[Exercise instructions] Repeat each entry exactly, but do not carry over the pictures.

Saved data entries:
=== Section Start ===

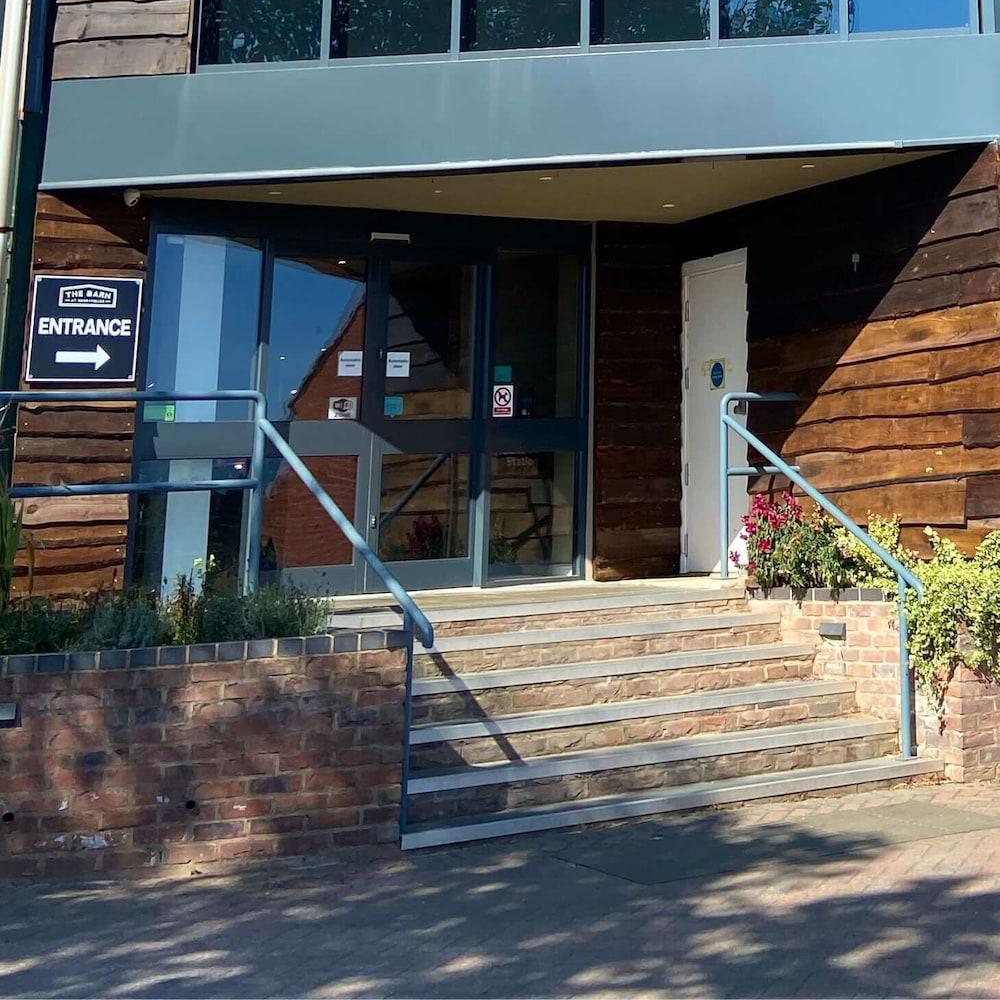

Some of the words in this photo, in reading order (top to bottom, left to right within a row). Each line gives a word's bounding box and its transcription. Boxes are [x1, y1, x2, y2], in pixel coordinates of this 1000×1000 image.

[65, 290, 84, 298] THE
[86, 290, 112, 299] BARN
[38, 317, 132, 336] ENTRANCE
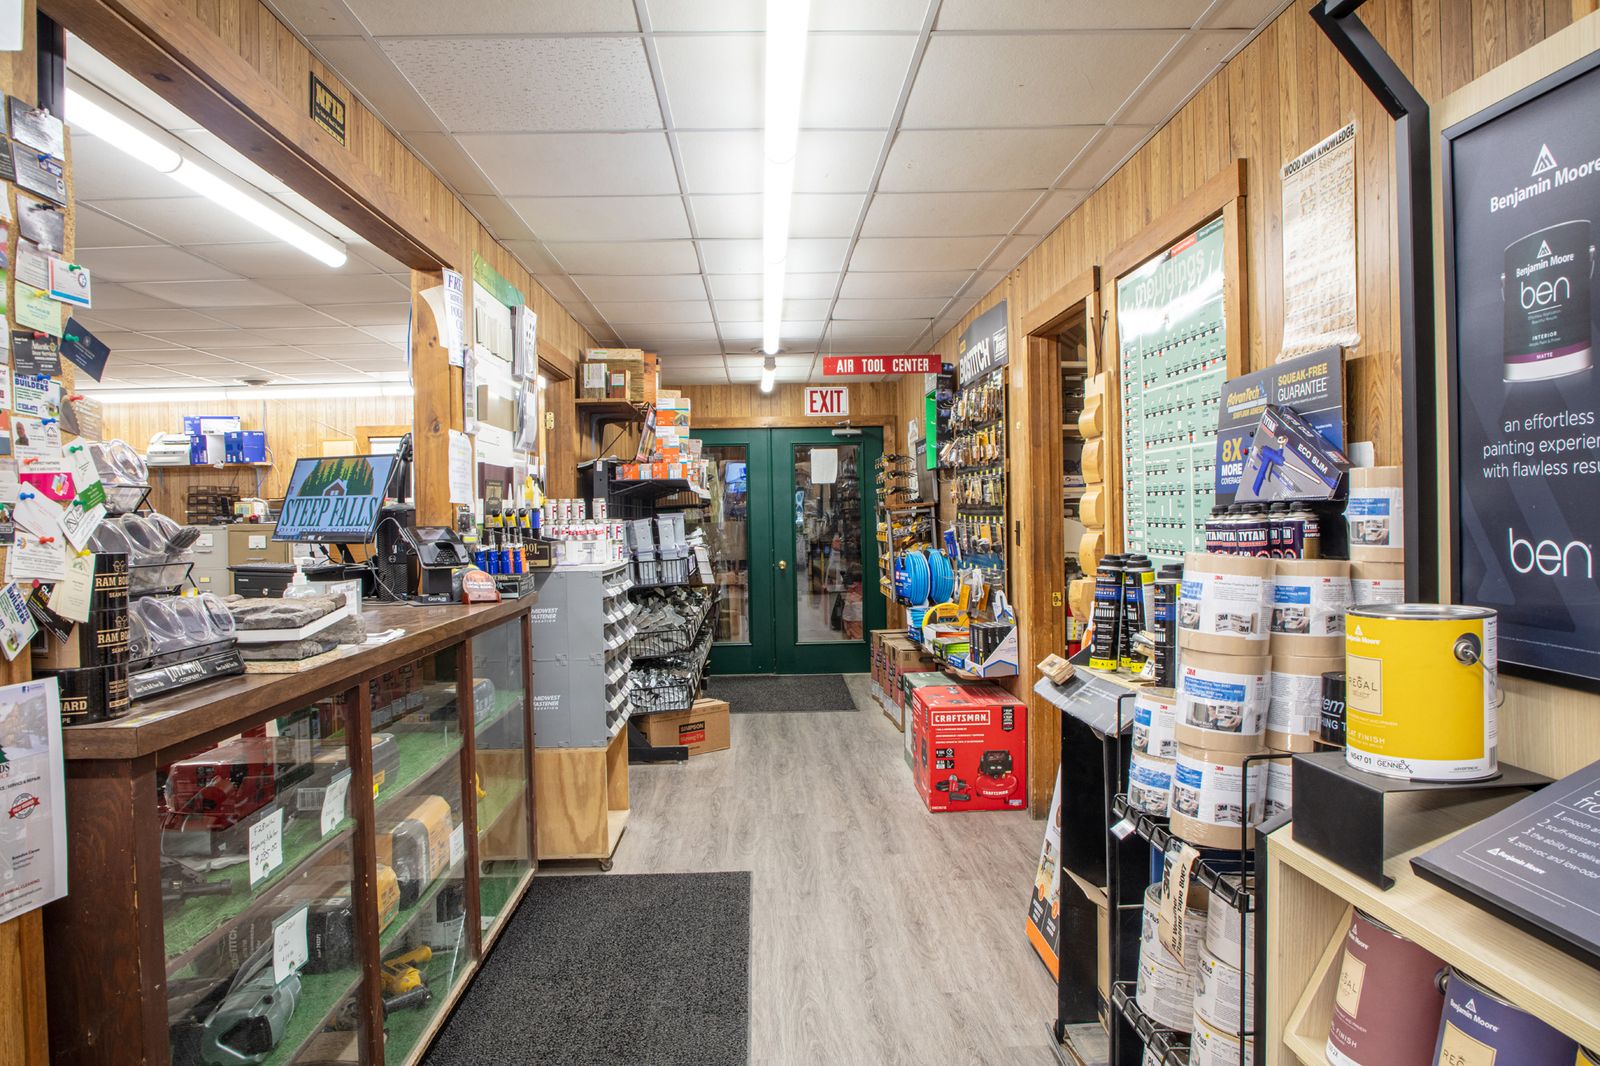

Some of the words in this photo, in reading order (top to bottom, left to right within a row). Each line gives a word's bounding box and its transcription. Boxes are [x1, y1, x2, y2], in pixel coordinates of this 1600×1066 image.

[1284, 159, 1300, 177] WOOD
[1317, 123, 1354, 157] KNOWLEDGE
[1490, 177, 1551, 214] Benjamin
[1516, 258, 1549, 278] Benjamin
[1550, 253, 1574, 267] Moore
[1521, 276, 1570, 310] ben
[1532, 331, 1557, 341] INTERIOR
[836, 359, 854, 373] AIR
[862, 358, 885, 373] TOOL
[892, 358, 929, 372] CENTER
[960, 337, 990, 385] BOSTITCH
[1536, 352, 1553, 360] MATTE
[1278, 363, 1328, 387] SQUEAK-FREE
[15, 378, 49, 392] BUILDERS
[1277, 378, 1328, 402] GUARANTEE
[809, 390, 844, 413] EXIT
[1504, 419, 1520, 433] an
[1524, 410, 1595, 431] effortless
[1221, 437, 1243, 463] 8X
[1483, 438, 1535, 460] painting
[1297, 443, 1312, 459] ECO
[1311, 456, 1329, 475] SLIM
[1221, 462, 1243, 476] MORE
[1483, 463, 1509, 479] with
[1512, 460, 1568, 477] flawless
[281, 498, 330, 528] STEEP
[327, 496, 378, 528] FALLS
[1238, 530, 1265, 541] TYTAN
[1508, 527, 1593, 579] ben
[95, 576, 116, 587] RAM
[6, 587, 27, 625] BUILDERS
[1217, 613, 1228, 621] 3M
[98, 632, 119, 644] RAM
[1239, 625, 1249, 633] 3M
[1186, 667, 1196, 676] 3M
[533, 694, 561, 702] MIDWEST
[935, 714, 987, 723] CRAFTSMAN
[1358, 732, 1385, 745] FINISH
[1364, 755, 1372, 765] 01
[1376, 759, 1413, 774] GENNEX
[1217, 804, 1228, 812] 3M
[1561, 816, 1591, 830] smooth
[1530, 832, 1545, 841] the
[1543, 838, 1568, 851] ability
[1567, 847, 1578, 855] to
[1546, 854, 1566, 864] and
[1163, 857, 1173, 900] 3M
[1178, 863, 1187, 889] 8067
[1201, 959, 1213, 975] Plus
[1473, 1014, 1499, 1033] Moore
[1335, 1027, 1357, 1049] FINISH
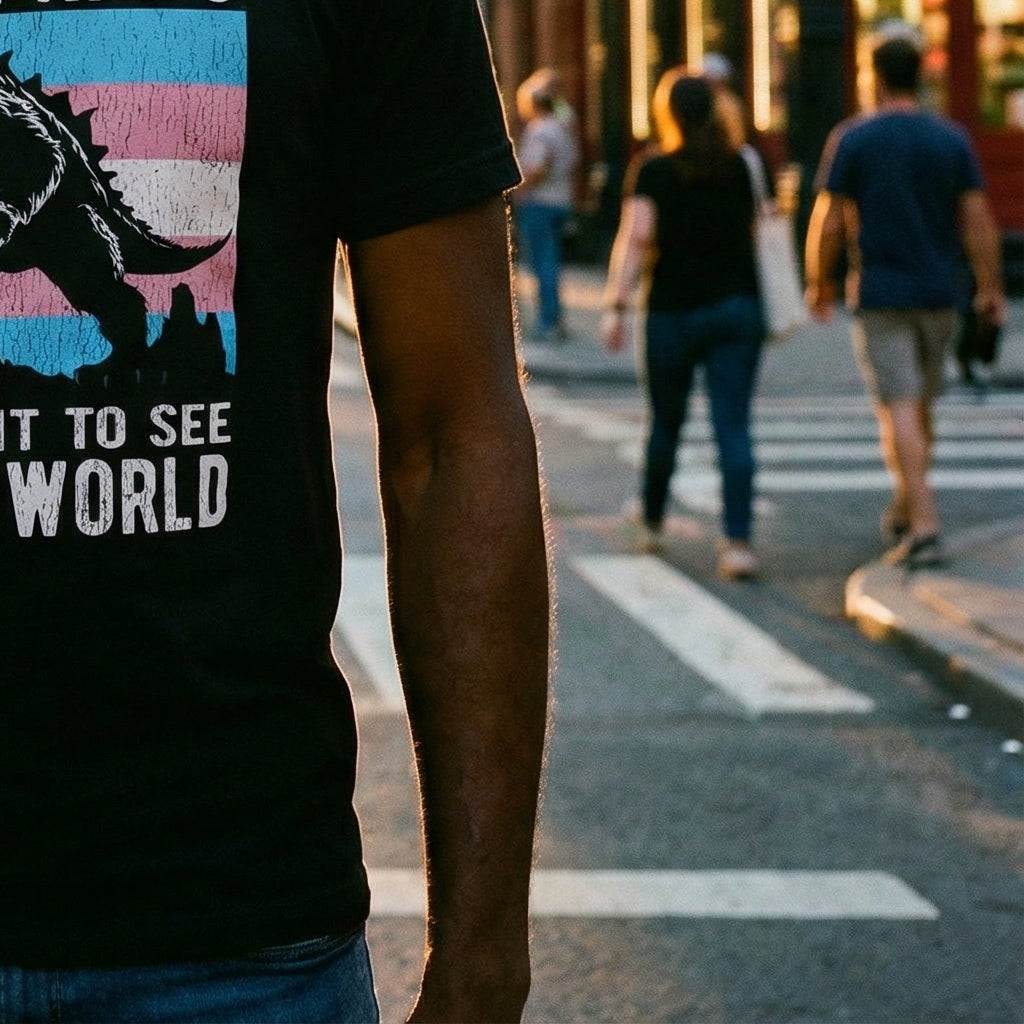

=== Section End ===

[Solved exercise]
Some of the words in this photo, in reading order (top to bottom, left to right within a row). Each line gives a word's bounding box and its transcription. Boxes are [x1, y1, x2, y2], in pixel coordinates of this 1000×1000 image.

[65, 290, 84, 298] THE
[86, 290, 112, 299] BARN
[38, 317, 132, 336] ENTRANCE

Some of the words in this photo, in reading order (top to bottom, left to right within a row). Each line gives a word's bounding box and its transcription. Boxes are [x1, y1, x2, y2], in pixel coordinates of this 1600×1066 image.

[1284, 159, 1300, 177] WOOD
[1317, 123, 1354, 157] KNOWLEDGE
[1490, 177, 1551, 214] Benjamin
[1516, 258, 1549, 278] Benjamin
[1550, 253, 1574, 267] Moore
[1521, 276, 1570, 310] ben
[1532, 331, 1557, 341] INTERIOR
[836, 359, 854, 373] AIR
[862, 358, 885, 373] TOOL
[892, 358, 929, 372] CENTER
[960, 337, 990, 385] BOSTITCH
[1536, 352, 1553, 360] MATTE
[1278, 363, 1328, 387] SQUEAK-FREE
[15, 378, 49, 392] BUILDERS
[1277, 378, 1328, 402] GUARANTEE
[809, 390, 844, 413] EXIT
[1504, 419, 1520, 433] an
[1524, 410, 1595, 431] effortless
[1221, 437, 1243, 463] 8X
[1483, 438, 1535, 460] painting
[1297, 443, 1312, 459] ECO
[1311, 456, 1329, 475] SLIM
[1221, 462, 1243, 476] MORE
[1483, 463, 1509, 479] with
[1512, 460, 1568, 477] flawless
[281, 498, 330, 528] STEEP
[327, 496, 378, 528] FALLS
[1238, 530, 1265, 541] TYTAN
[1508, 527, 1593, 579] ben
[95, 576, 116, 587] RAM
[6, 587, 27, 625] BUILDERS
[1217, 613, 1228, 621] 3M
[98, 632, 119, 644] RAM
[1239, 625, 1249, 633] 3M
[1186, 667, 1196, 676] 3M
[533, 694, 561, 702] MIDWEST
[935, 714, 987, 723] CRAFTSMAN
[1358, 732, 1385, 745] FINISH
[1364, 755, 1372, 765] 01
[1376, 759, 1413, 774] GENNEX
[1217, 804, 1228, 812] 3M
[1561, 816, 1591, 830] smooth
[1530, 832, 1545, 841] the
[1543, 838, 1568, 851] ability
[1567, 847, 1578, 855] to
[1546, 854, 1566, 864] and
[1163, 857, 1173, 900] 3M
[1178, 863, 1187, 889] 8067
[1201, 959, 1213, 975] Plus
[1473, 1014, 1499, 1033] Moore
[1335, 1027, 1357, 1049] FINISH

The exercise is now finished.